◆ **WORK REQUEST**:
Could you give the records below again exactly, without the pictures?
##### RECORDS PROVIDED
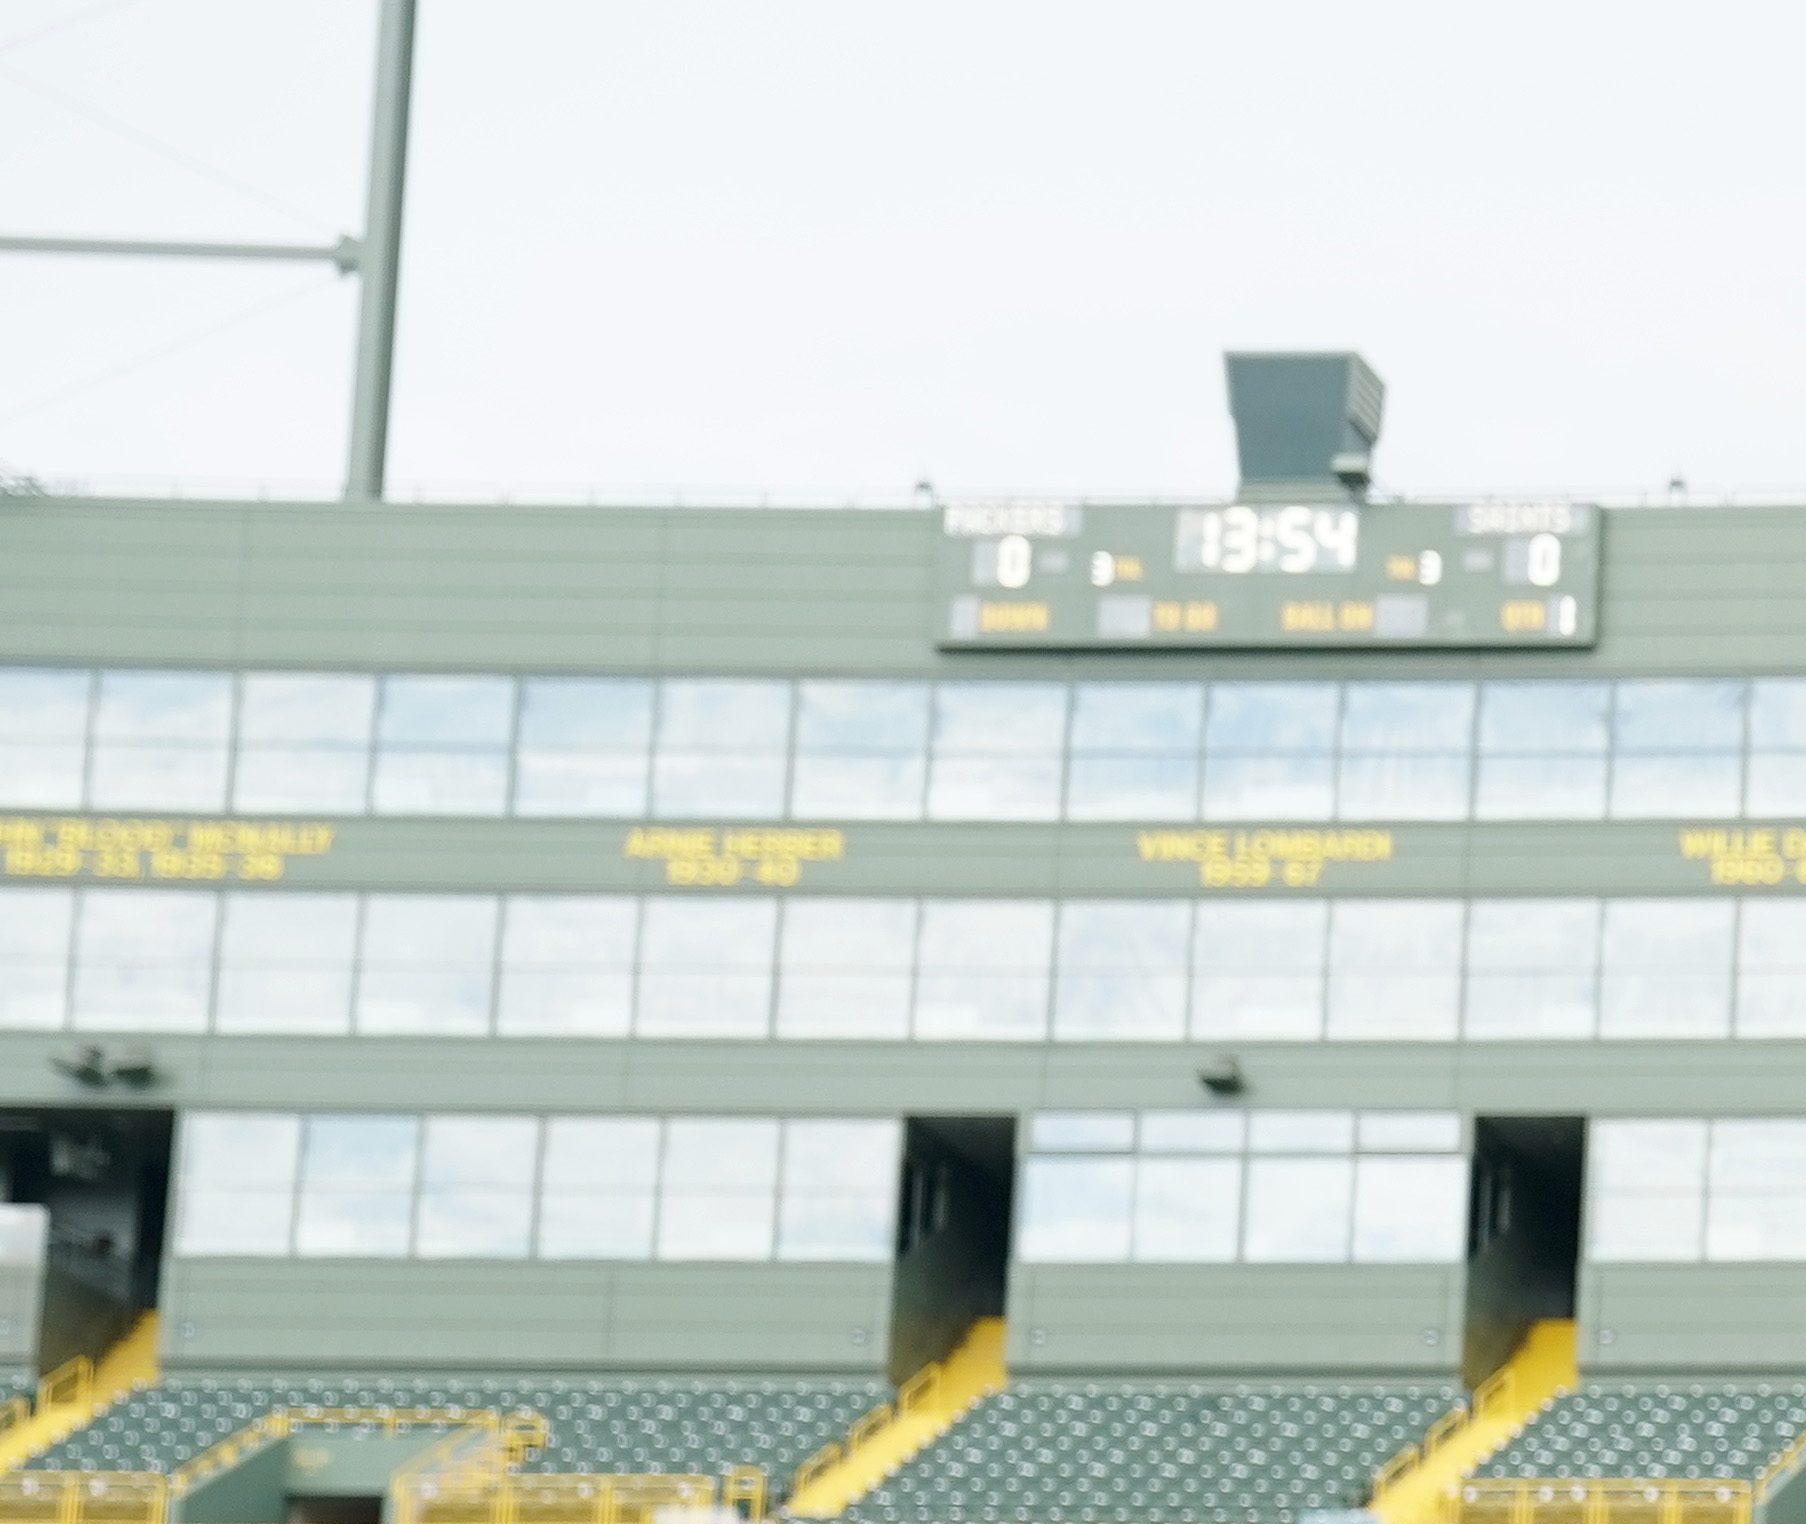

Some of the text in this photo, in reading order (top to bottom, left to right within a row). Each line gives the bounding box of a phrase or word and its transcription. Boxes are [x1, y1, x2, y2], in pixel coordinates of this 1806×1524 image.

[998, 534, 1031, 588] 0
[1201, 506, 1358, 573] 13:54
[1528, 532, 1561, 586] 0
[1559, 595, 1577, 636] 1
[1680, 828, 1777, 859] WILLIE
##########
◆ **RESPONSE**:
Some of the text in this photo, in reading order (top to bottom, left to right within a row). Each line gives the bounding box of a phrase or word and its transcription. Boxes are [x1, y1, x2, y2], in pixel coordinates of this 1806×1524 image.

[998, 534, 1031, 588] 0
[1201, 506, 1358, 573] 13:54
[1528, 532, 1561, 586] 0
[1559, 595, 1577, 636] 1
[1680, 828, 1777, 859] WILLIE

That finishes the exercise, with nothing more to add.